(see the answers at the bottom of the page)
- Biochemical changes in the intervertebral disc begin at about the age of 18 years. What are these changes and what is their overall result as far as disc function is concerned?
- List the changes that occur in the anulus and nucleus of the disc during degeneration.
- In degeneration, the disc height actually increases, what is the mechanism behind this increase?
- How is disc degradation different from disc degeneration?
- In order for the nucleus of the disc to become externalized (prolapse or extrude) what factors must be present, what changes must occur in the nucleus and what speculations have been made as to how these changes come about?
- There is a decrease in the hyaluronic acid and mucopolysaccharide content in the disc leading to a decrease in the hydrophilic properties of the disc so that it cannot imbibe or retain water optimally
- The water content decreases from about 90% to about 70% most of which decrease occurs by middle age, the anular lamellae begin separating from each other in random circumferential clefts. The nucleus becomes firmer and more viscous and in extreme age may break down into rubble. The disc height increases.
- An increase in disc height results from selective absorption of the horizontal trabeculae in the vertebral body. This causes a loss of lateral bracing for the vertical trabeculae which collapse especially over the area of greatest stress, the central portions of the body. The pressure from the disc then bends the endplate into the body increasing the height of the disc by about 10% over adult life.
- Disc degeneration is a universal phenomenon whereas degradation is pathological. The differences include the formation of radial tears and migration of the nuclear material from its central location outwards often to the point of externalization. Disc height is lost as resorption occurs.

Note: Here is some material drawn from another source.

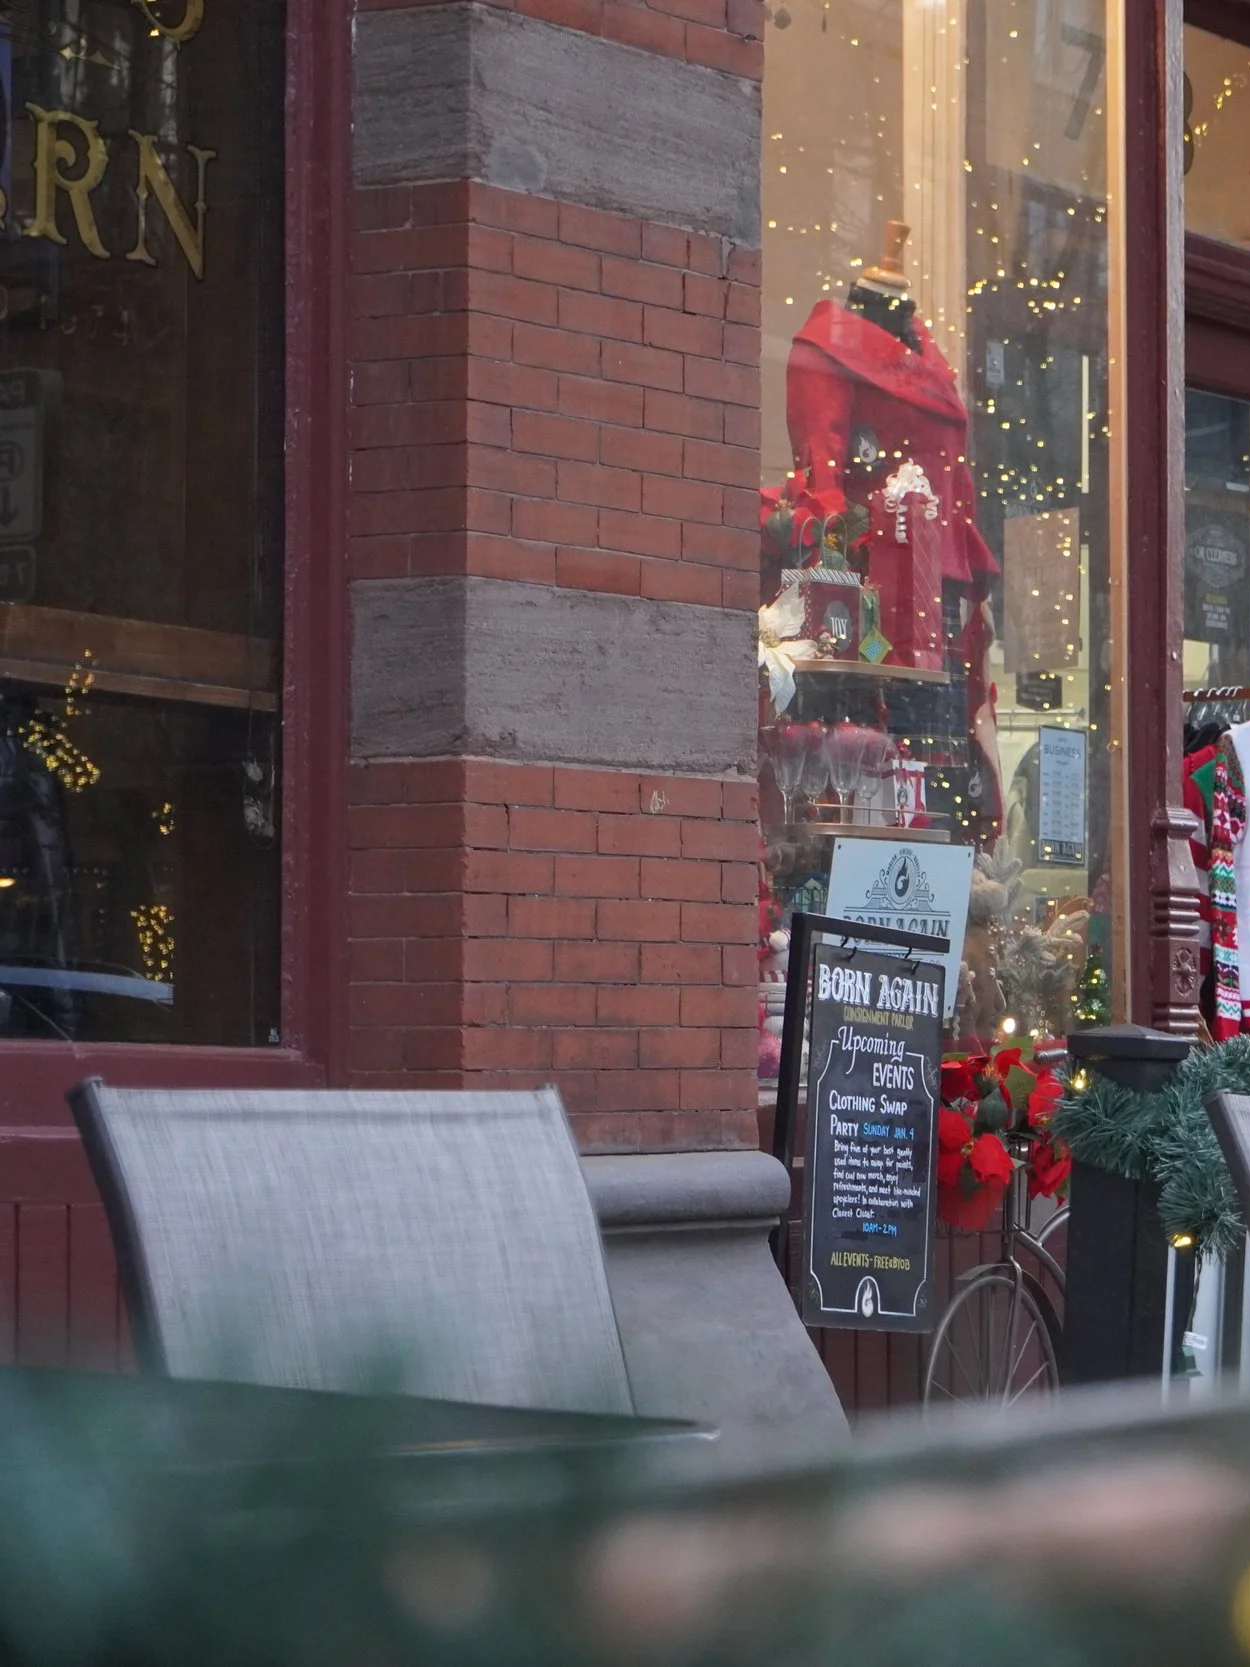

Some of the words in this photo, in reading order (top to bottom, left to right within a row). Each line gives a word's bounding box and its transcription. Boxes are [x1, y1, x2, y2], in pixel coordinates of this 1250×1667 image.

- With degeneration, the nucleus is too well bound to the anulus and too viscous for it to migrate. In order for migration to occur, a pathway must be present so either radial tearing or end plate fracturing must be present. The nucleus must be liquified and forces must be exerted that cause it to migrate. Speculations on why radial tearing occurs centers mainly around zygapophyseal joint asymmetry causing habitual asymmetrical forces to be exerted on the disc. It is believed that the unbinding of the nucleus from the anulus may be caused by an autoimmune reaction as the nucleus becomes exposed to the vascular system either through the radial tear or via traumatic vertical prolapsing.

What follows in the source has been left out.